Endoscopic or nonendoscopic methods can be used to diagnose H pylori. Choice of diagnostic workup in a specific patient should consider the need for endoscopy, pretest probability of infection, local availability of testing methods, and test performance characteristics and costs.
For populations with a low pretest probability of H pylori infection, the nonendoscopic urea breath and fecal antigen tests have a better positive predictive value than do antibody tests. Antibody testing identifies an immunologic reaction to the infection, whereas the urease tests and fecal antigen test identify the presence of active H pylori infection.
Established indications for eradication of H pylori include PUD, gastric mucosa-associated lymphoid tissue (MALT) lymphoma, and uninvestigated dyspepsia.
There is still controversy regarding whether to test for H pylori in the presence of functional dyspepsia, gastroesophageal reflux disease (GERD), nonsteroidal anti-inflammatory drug (NSAID) use, iron-deficiency anemia, or risk factors for developing gastric cancer. However, a subset of patients with functional dyspepsia benefit from H pylori eradication, and recent evidence suggests a link between H pylori infection and unexplained iron-deficiency anemia.
To confirm eradication of H pylori infection, testing should be performed in patients with PUD who were treated for H pylori, those with persistent dyspeptic symptoms following the test-and-treat strategy, those with H pylori-associated MALT lymphoma, and those who are status post resection of early gastric cancer.
Accepted first-line treatments for H pylori are a 10- to 14-day course of proton pump inhibitor (PPI), clarithromycin, and amoxicillin or metronidazole; or of PPI, bismuth, tetracycline, and metronidazole.
In part because of increasing H pylori resistance to clarithromycin, rates of eradication for first-line treatment with a PPI, clarithromycin, and amoxicillin have decreased to 70% to 85% worldwide. Seven-day regimens may have lower eradication rates than 14-day regimens.
"The most important predictors of treatment failure following anti-H. pylori therapy include poor compliance and antibiotic resistance," the study authors write. "It is critical for clinicians to stress the importance of taking the medications as prescribed to minimize the likelihood of treatment failure and development of antibiotic resistance.... There is limited evidence to suggest that smoking, alcohol consumption, and diet may also adversely affect the likelihood of successful eradication."

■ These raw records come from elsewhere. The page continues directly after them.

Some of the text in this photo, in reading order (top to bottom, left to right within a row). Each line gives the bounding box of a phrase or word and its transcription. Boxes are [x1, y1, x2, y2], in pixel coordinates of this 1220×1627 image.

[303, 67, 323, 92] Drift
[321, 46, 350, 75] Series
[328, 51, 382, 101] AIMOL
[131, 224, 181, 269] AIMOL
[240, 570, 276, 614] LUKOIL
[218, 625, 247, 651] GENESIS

Another therapeutic option for first-line treatment is a 7- to 14-day course of bismuth-containing quadruple regimens. Although sequential therapy for 10 days has appeared promising in European trials, this regimen has not yet been validated in North America and therefore cannot yet be recommended as a standard first-line treatment. Sequential treatment consists of a 5-day course of a PPI and amoxicillin, followed by an additional 5 days of a PPI, clarithromycin, and tinidazole.

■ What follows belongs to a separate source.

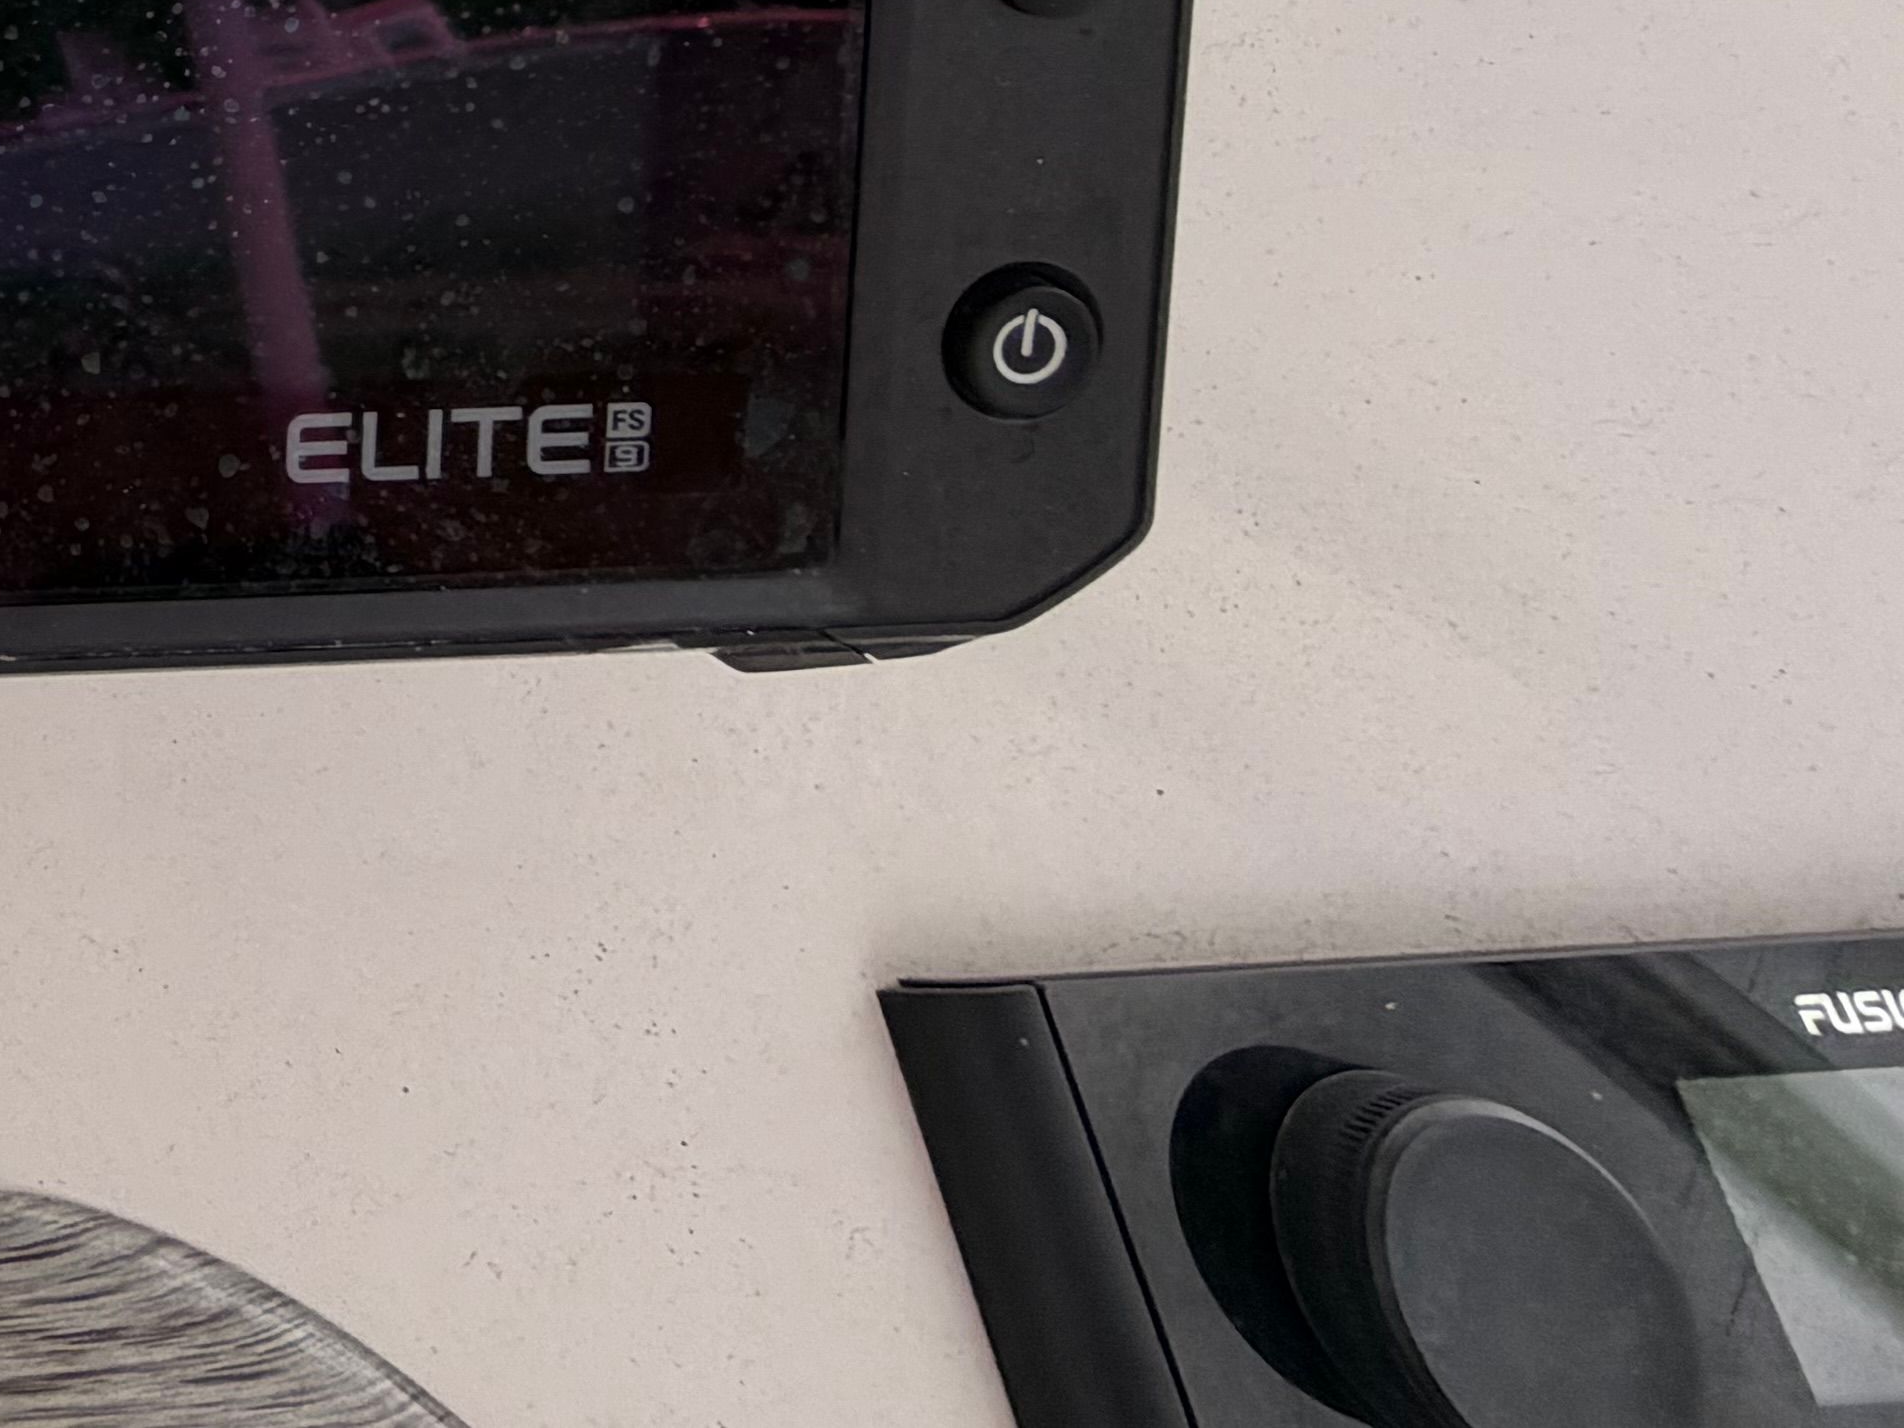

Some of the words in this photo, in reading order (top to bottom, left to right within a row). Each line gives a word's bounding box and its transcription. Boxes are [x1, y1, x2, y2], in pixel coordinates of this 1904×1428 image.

[286, 403, 593, 484] ELITE
[612, 409, 645, 432] FS
[615, 446, 638, 467] 9
[1794, 989, 1904, 1036] FUSI

Bismuth quadruple therapy is the most widely used salvage regimen for persistent H pylori infection. Evidence from recent trials suggest that combination therapy with a PPI, levofloxacin, and amoxicillin for 10 days is more effective and better tolerated than is bismuth quadruple therapy for treatment of patients with persistent infection, but this has not yet been validated in the United States.
Several recent trials studies have compared alternatives with bismuth-based quadruple salvage therapy, such as rifabutin, with rates of eradication ranging from 38% to 91%; furazolidone, with rates of eradication ranging from 52% to 90%; and levofloxacin-based triple therapy.

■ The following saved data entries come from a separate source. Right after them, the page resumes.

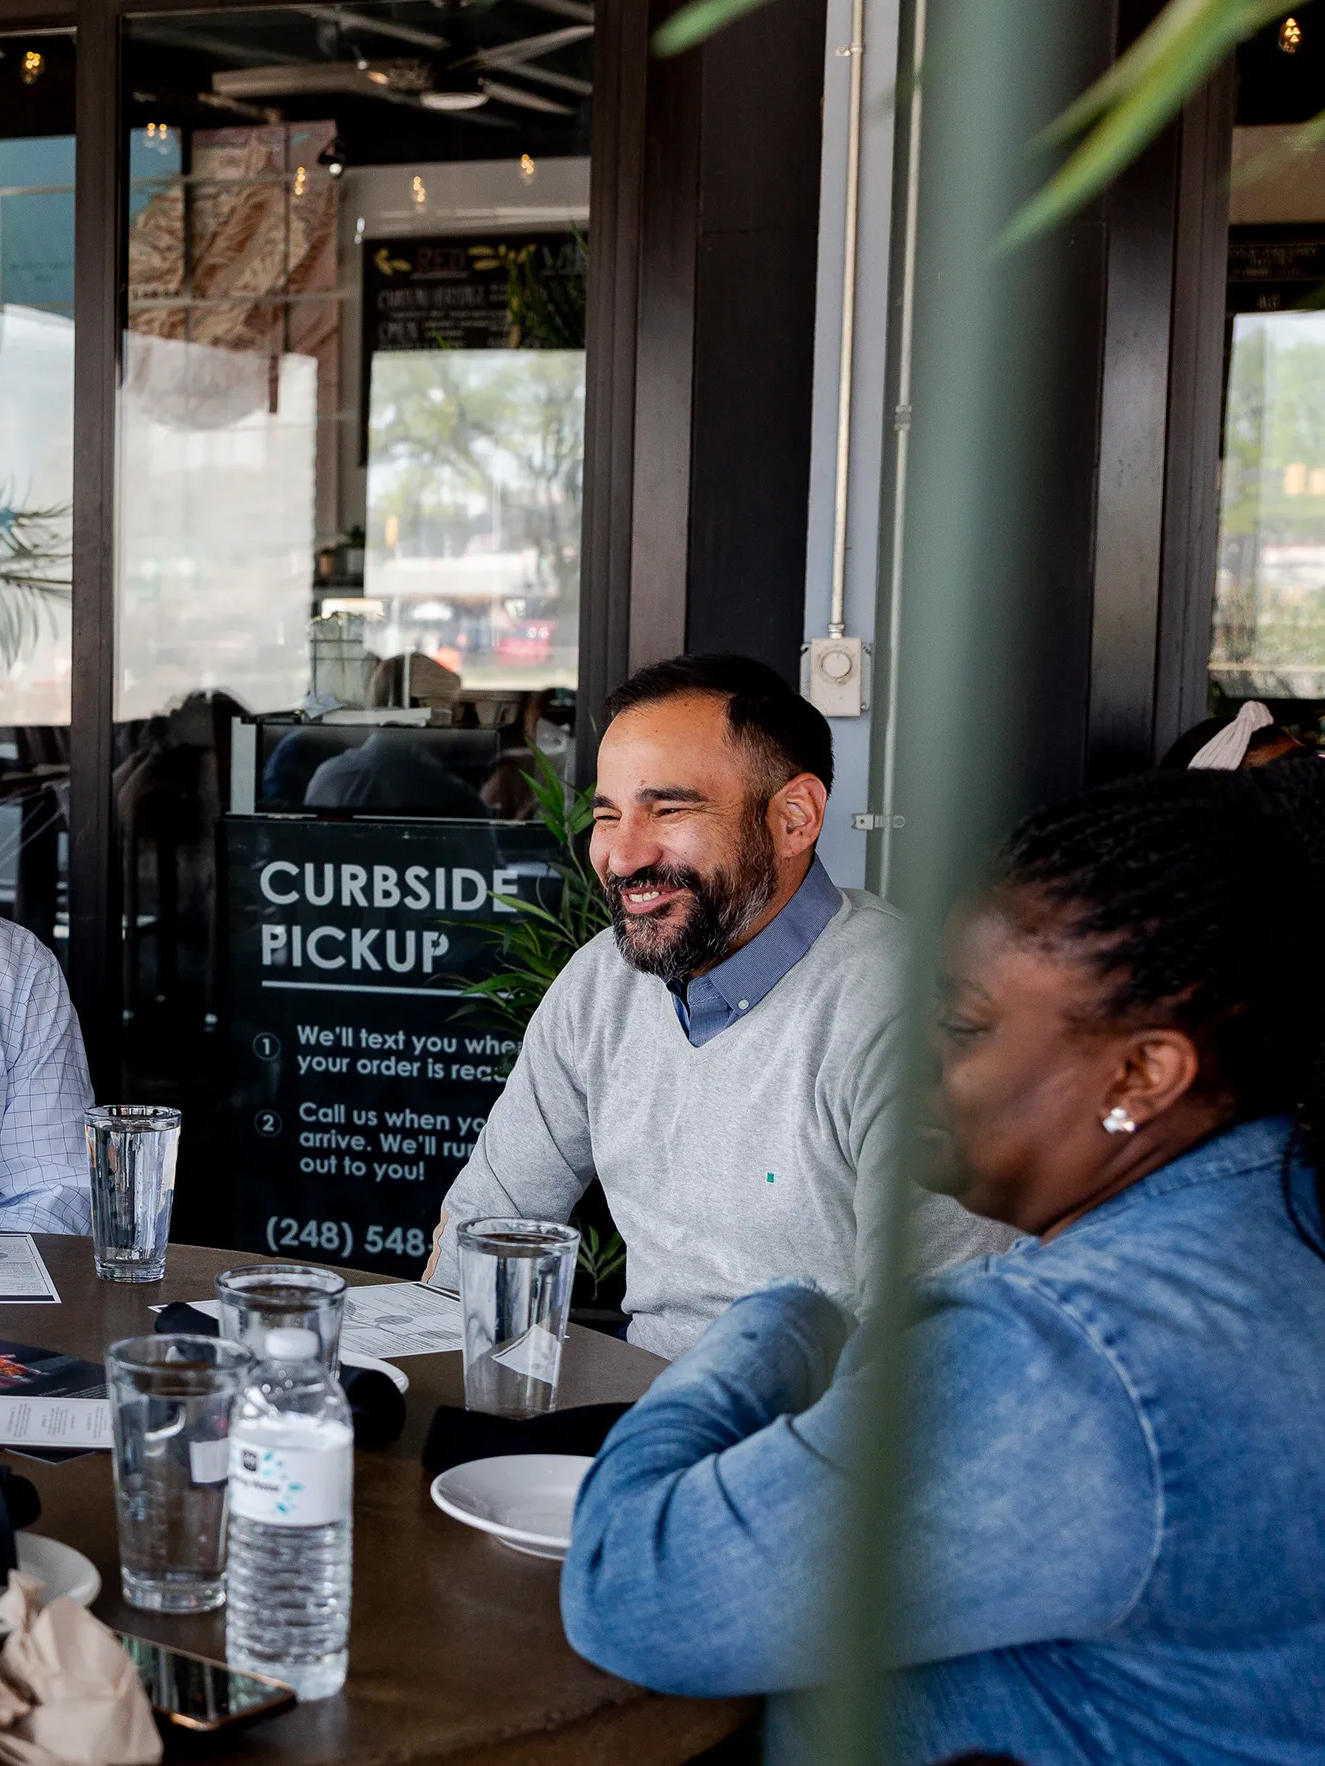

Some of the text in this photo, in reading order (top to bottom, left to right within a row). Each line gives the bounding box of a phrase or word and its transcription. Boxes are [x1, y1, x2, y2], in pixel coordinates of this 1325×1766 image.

[260, 861, 519, 913] CURBSIDE
[261, 923, 450, 974] PICKUP
[297, 1025, 354, 1047] We'll
[359, 1028, 405, 1050] text
[412, 1035, 457, 1056] you
[297, 1056, 350, 1075] your
[356, 1056, 421, 1077] order
[427, 1058, 445, 1079] is
[298, 1102, 346, 1124] Call
[352, 1110, 378, 1126] us
[384, 1107, 450, 1131] when
[299, 1129, 373, 1152] arrive.
[379, 1132, 436, 1156] We'll
[299, 1155, 425, 1182] out to you!
[266, 1215, 354, 1258] (248)

"Whether levofloxacin resistance is absolute as is the case with clarithromycin or more relative as with metronidazole remains to be determined as well," the study authors conclude. "While awaiting data on antimicrobial resistance and efficacy from the United States, given the shortage of effective, validated salvage regimens, it seems reasonable to consider levofloxacin-based triple therapy in circumstances where bismuth or clarithromycin-based therapies are not an option."
Am J Gastroenterol. 2007;102:1808-1825.